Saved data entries
☆ ☆ ☆

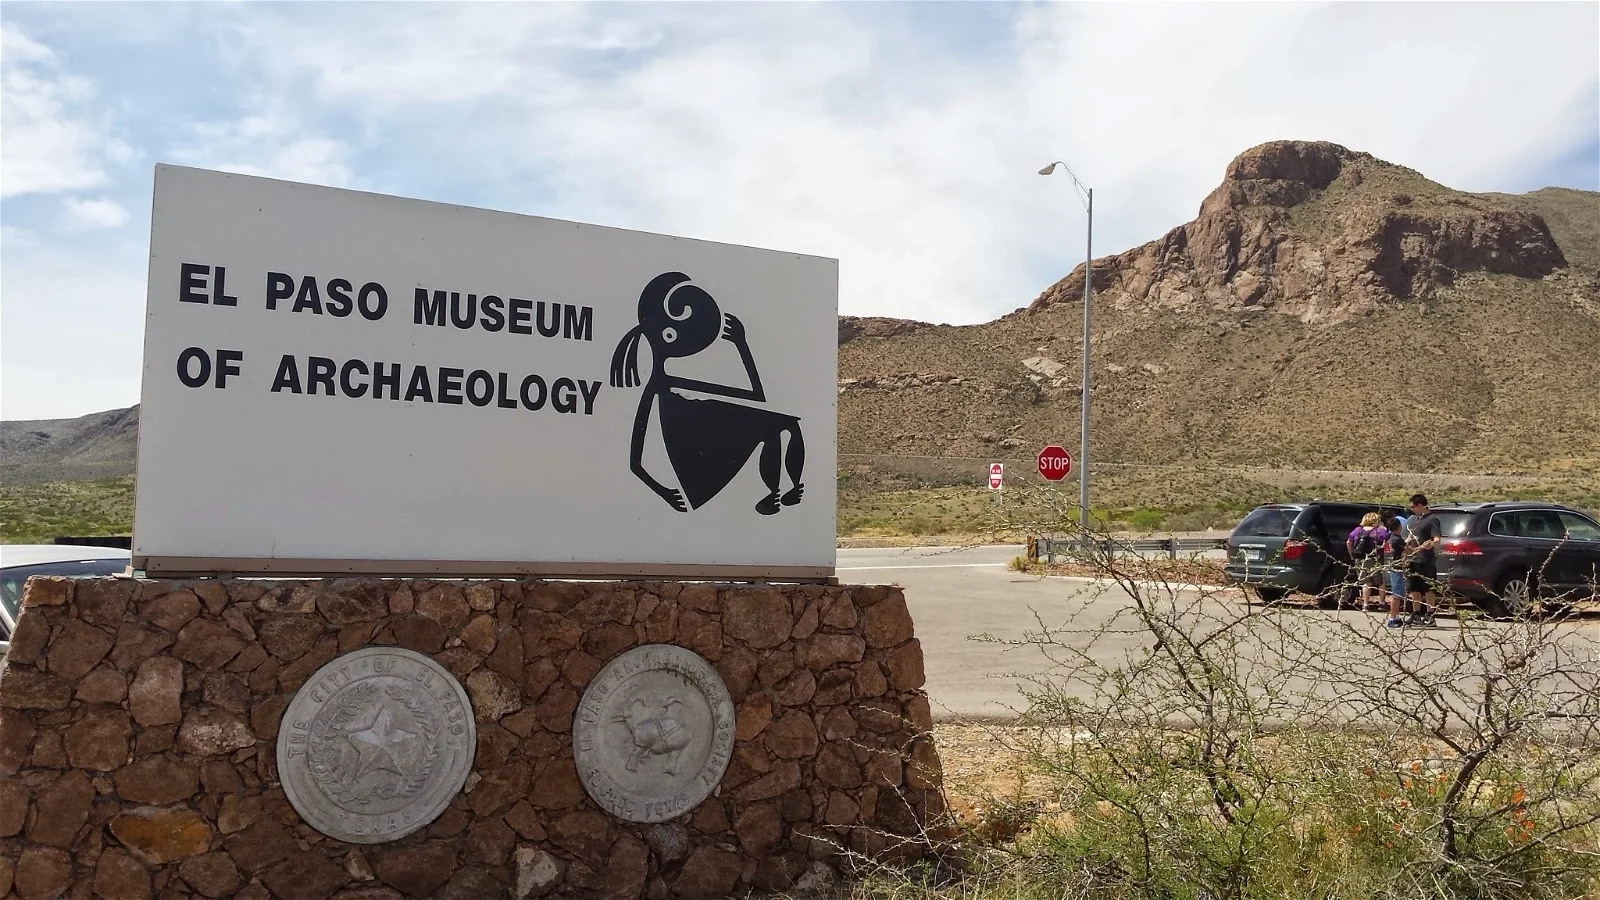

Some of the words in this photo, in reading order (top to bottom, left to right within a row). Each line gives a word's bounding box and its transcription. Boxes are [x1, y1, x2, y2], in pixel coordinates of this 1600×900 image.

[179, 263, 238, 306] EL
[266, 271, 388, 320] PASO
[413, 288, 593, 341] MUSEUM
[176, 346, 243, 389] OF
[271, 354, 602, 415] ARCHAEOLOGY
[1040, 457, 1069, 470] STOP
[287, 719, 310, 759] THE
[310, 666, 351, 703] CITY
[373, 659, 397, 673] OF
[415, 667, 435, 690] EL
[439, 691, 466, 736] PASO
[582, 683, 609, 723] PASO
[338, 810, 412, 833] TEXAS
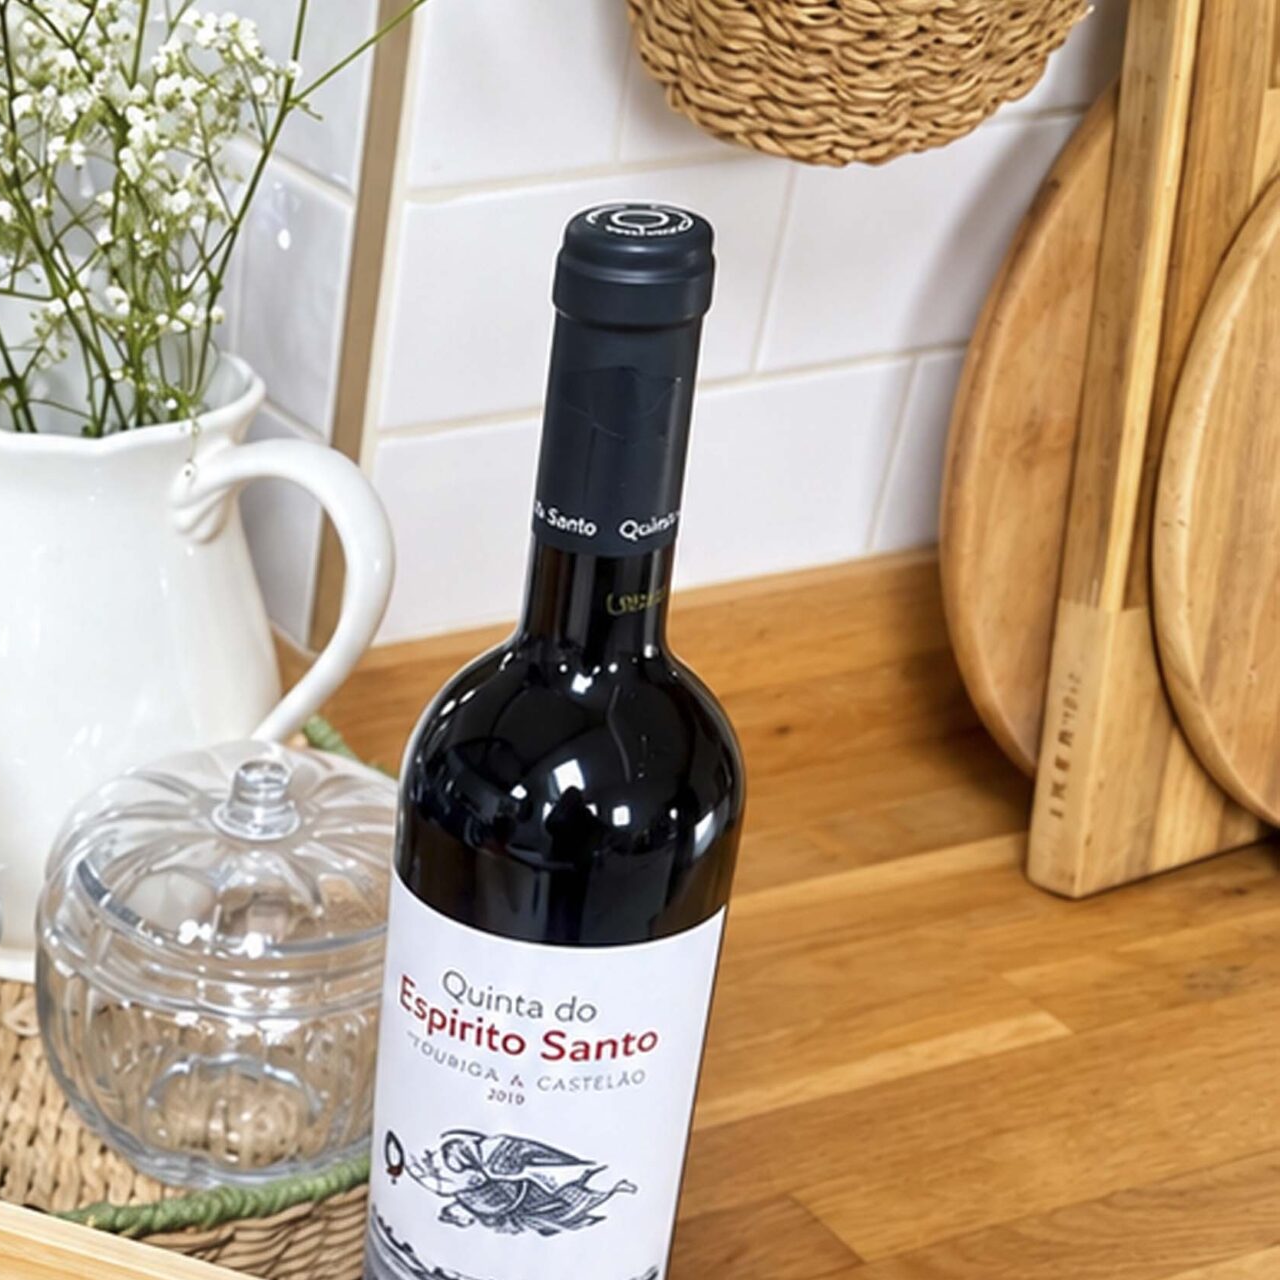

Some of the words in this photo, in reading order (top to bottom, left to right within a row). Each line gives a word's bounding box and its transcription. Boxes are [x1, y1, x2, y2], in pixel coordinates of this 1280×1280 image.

☆ ☆ ☆

## [Work item]
An exact copy of all the lines above is required, with the pictures removed.

## [Reply]
Some of the words in this photo, in reading order (top to bottom, left to right within a row). Each line gives a word's bounding box and its transcription. Boxes are [x1, y1, x2, y2], in pixel coordinates of this 1600×900 image.

[179, 263, 238, 306] EL
[266, 271, 388, 320] PASO
[413, 288, 593, 341] MUSEUM
[176, 346, 243, 389] OF
[271, 354, 602, 415] ARCHAEOLOGY
[1040, 457, 1069, 470] STOP
[287, 719, 310, 759] THE
[310, 666, 351, 703] CITY
[373, 659, 397, 673] OF
[415, 667, 435, 690] EL
[439, 691, 466, 736] PASO
[582, 683, 609, 723] PASO
[338, 810, 412, 833] TEXAS

Some of the words in this photo, in reading order (top to bottom, left to right within a row). Each line gives a word's bounding box and its transcription. Boxes are [x1, y1, x2, y2], in pixel coordinates of this 1280×1280 image.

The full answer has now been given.